# Wave propagation

## Introduction

The 1-D wave propagation problem is used as a test case for studying the dissipation and dispersion errors in a given finite difference scheme.There are a number of schemes which can be used to solve the problem.
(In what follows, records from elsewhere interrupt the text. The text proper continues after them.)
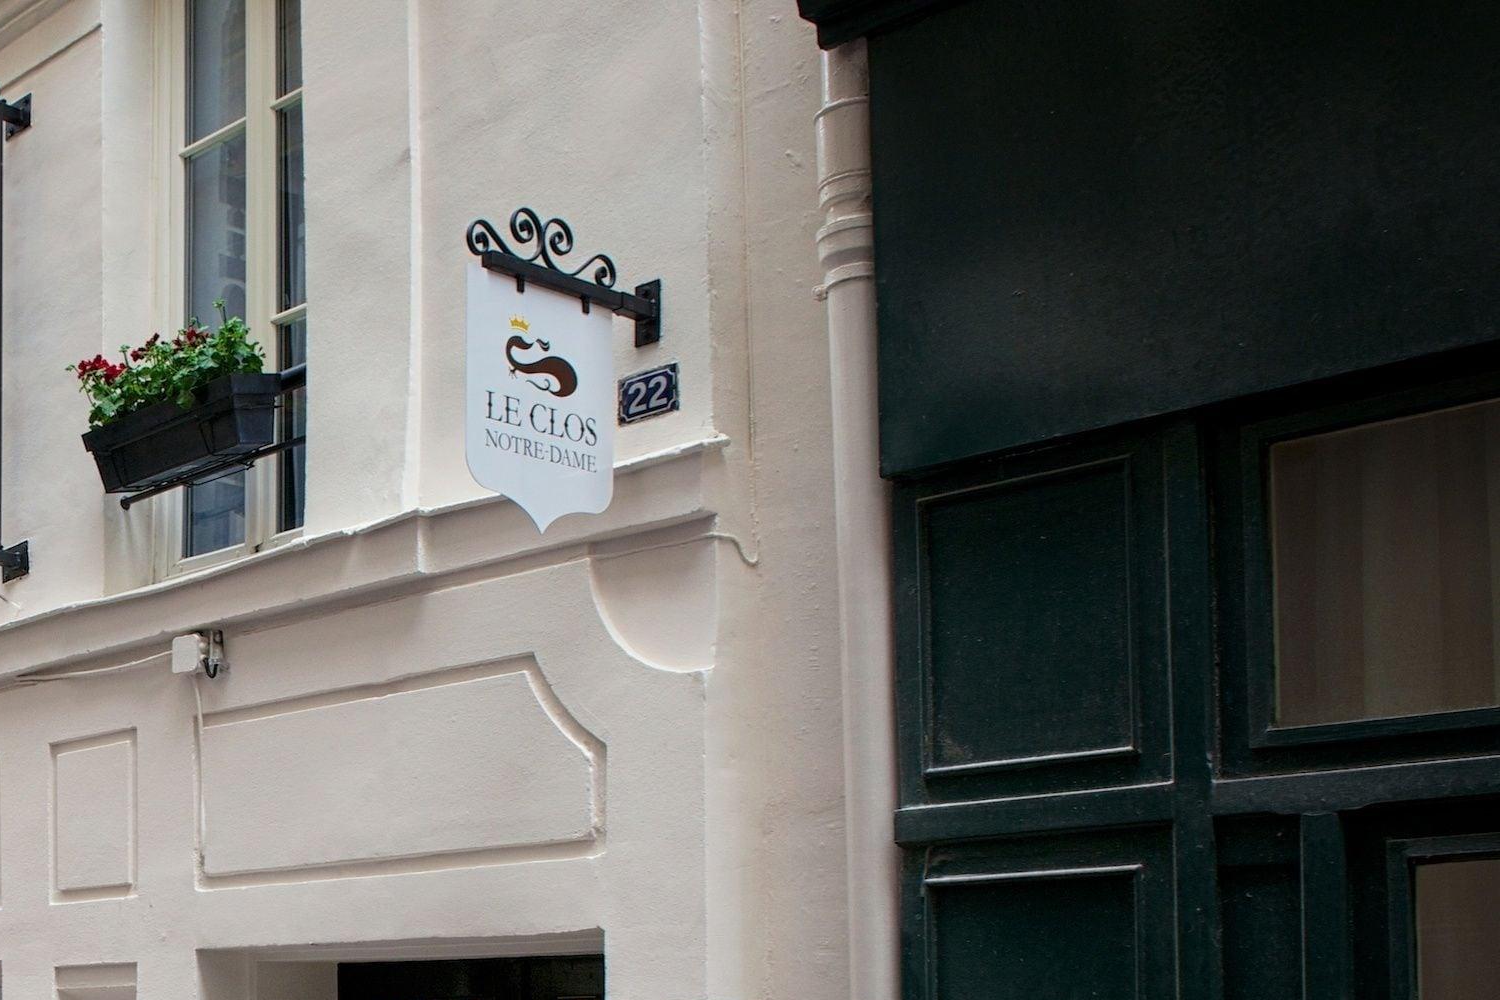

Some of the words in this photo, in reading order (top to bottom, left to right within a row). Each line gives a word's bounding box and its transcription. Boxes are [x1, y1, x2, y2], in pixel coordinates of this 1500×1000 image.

[626, 374, 669, 415] 22
[485, 389, 522, 427] LE
[529, 403, 598, 447] CLOS
[485, 428, 597, 474] NOTRE-DAME
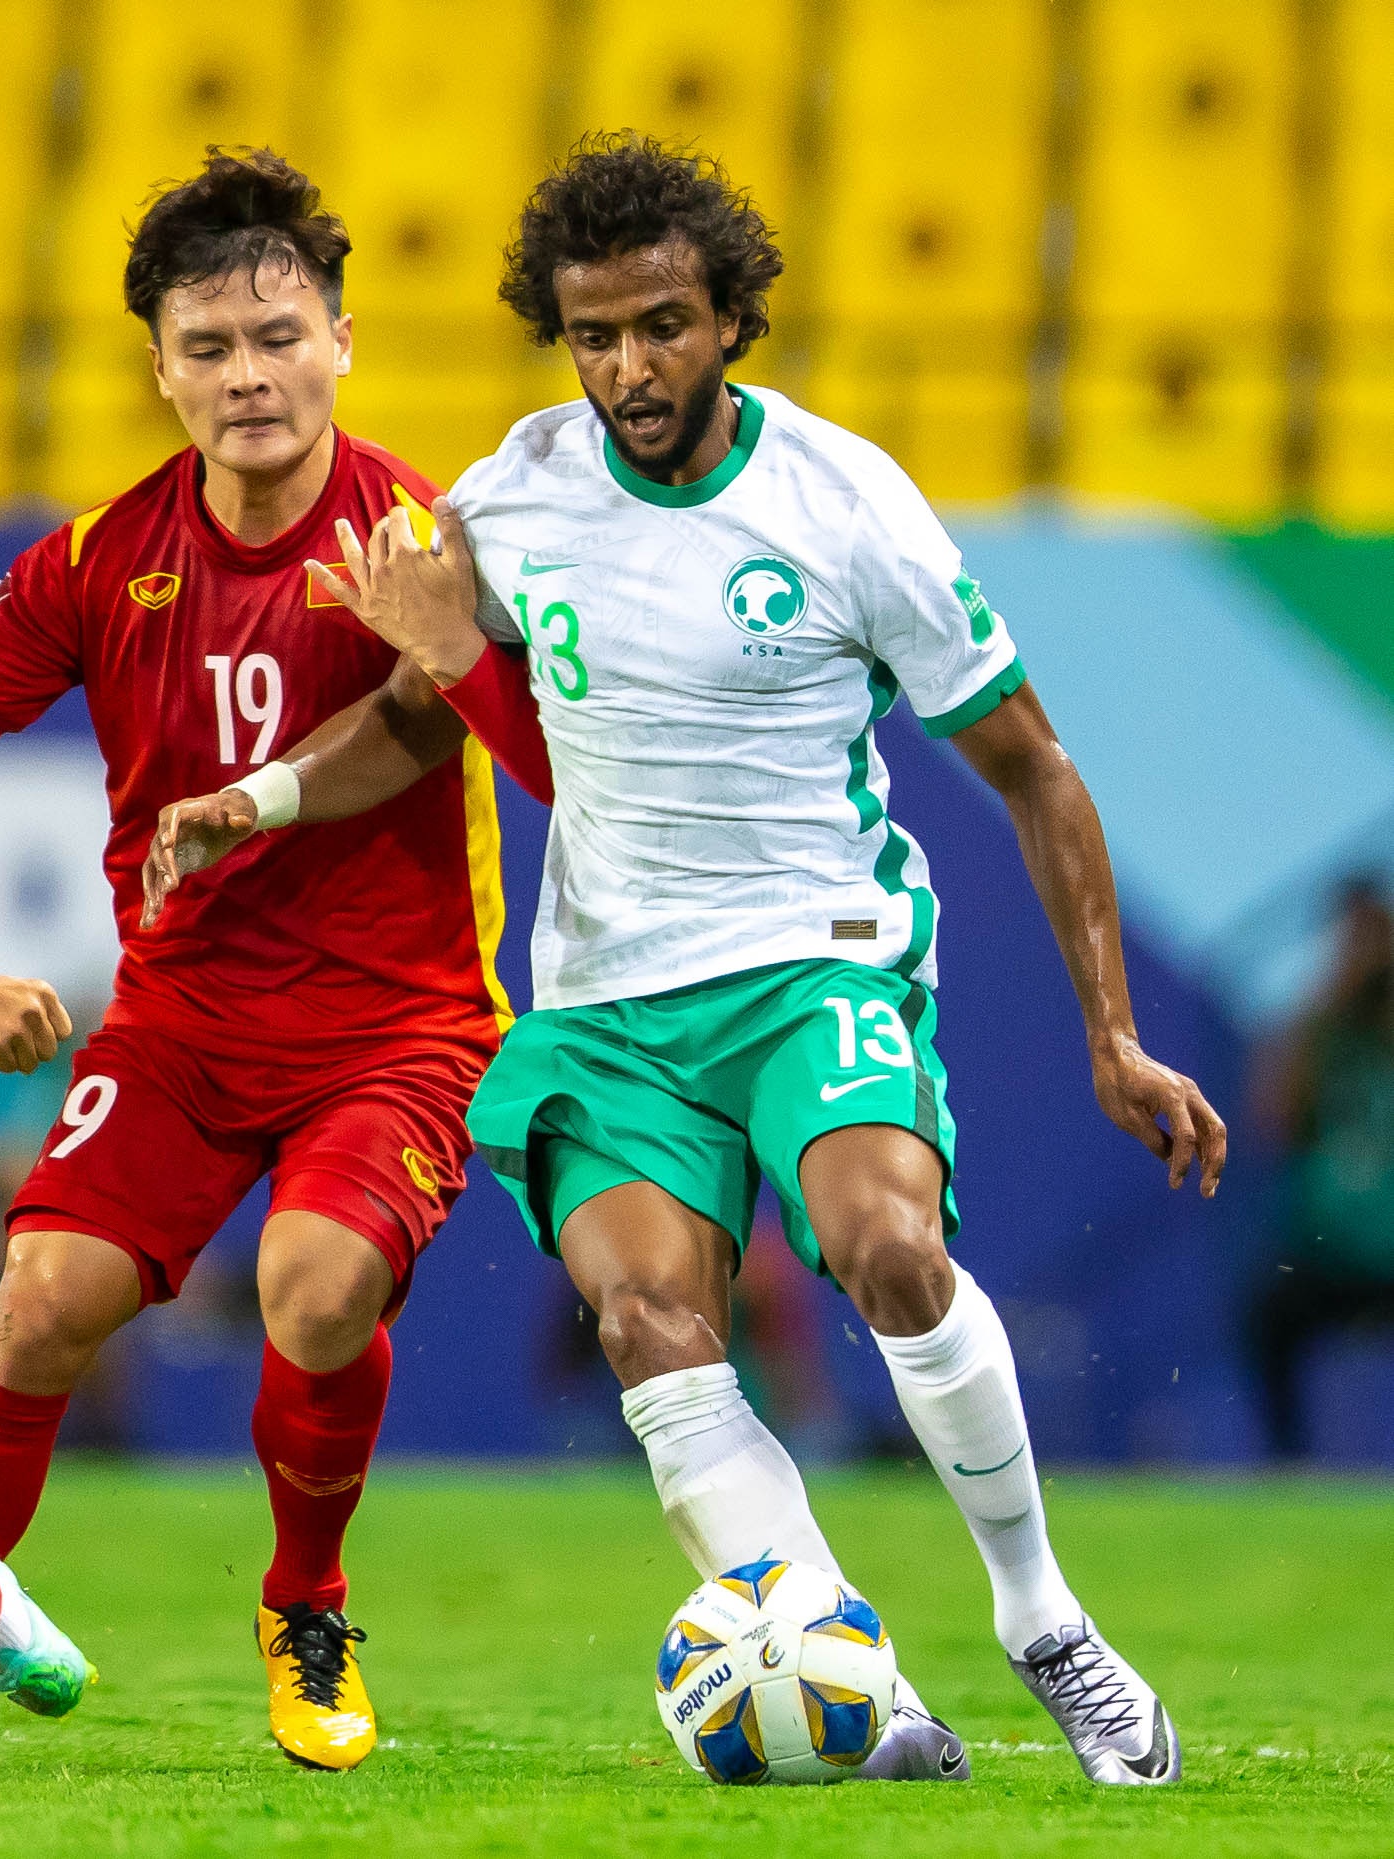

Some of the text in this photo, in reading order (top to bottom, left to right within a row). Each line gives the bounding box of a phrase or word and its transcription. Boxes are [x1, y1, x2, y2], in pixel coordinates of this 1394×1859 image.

[513, 592, 588, 701] 13
[742, 644, 783, 658] KSA
[205, 653, 283, 765] 19
[822, 997, 914, 1069] 13
[673, 1662, 733, 1725] molten
The usage of a higher order compact stencil (4th order considered here) with a low storage 4th order Runge-Kutta scheme to solve the current problem is discussed.

## Governing Equation $\frac{\partial u}{\partial t} + c \frac{\partial u}{\partial x}=0$

## Initial Condition $u(x,0)=exp(-b*(x-xc)^2)$

## Exact Solution $u(x,t)=exp(-b*((x-ct)-xc)^2)$

## Compact scheme ${f_{j-1}}^{'}-4{f_j}^{'}+{f_{j+1}}^{'}=\frac{3}{h}(f_{j+1}-f_{j-1})+0(h^4)$

At Boundaries ${f_0}^{'}+2{f_1}^{'}=\frac{1}{h}(-2.5f_0+2f_1+0.5f_2)$ ${f_n}^{'}+2{f_{n-1}}^{'}=\frac{1}{h}(2.5f_n-2f_{n-1}-0.5f_{n-2})$

## Runge-Kutta

Consider $\frac {\partial U}{\partial t}=H$

The low storage scheme is implemented as follows $U^{M+1}=U^M+b^Mdtf^M$ $f^M=a^Mf^{M-1}+H$

where M refers to the stages ,dt is the time step and the coefficients a and b are given by

a={0,-0.41789047,-1.19215169,-1.69778469,-1.51418344}
b={0.149665602,0.37921031,0.82295502,0.69945045,0.15305724}

## Reference

• Williamson, Williamson (1980), "Low Storage Runge-Kutta Schemes", Journal of Computational Physics, Vol.35, pp.48–56.
• Lele, Lele, S. K. (1992), "Compact Finite Difference Schemes with Spectral-like Resolution,” Journal of Computational Physics", Journal of Computational Physics, Vol. 103, pp 16–42.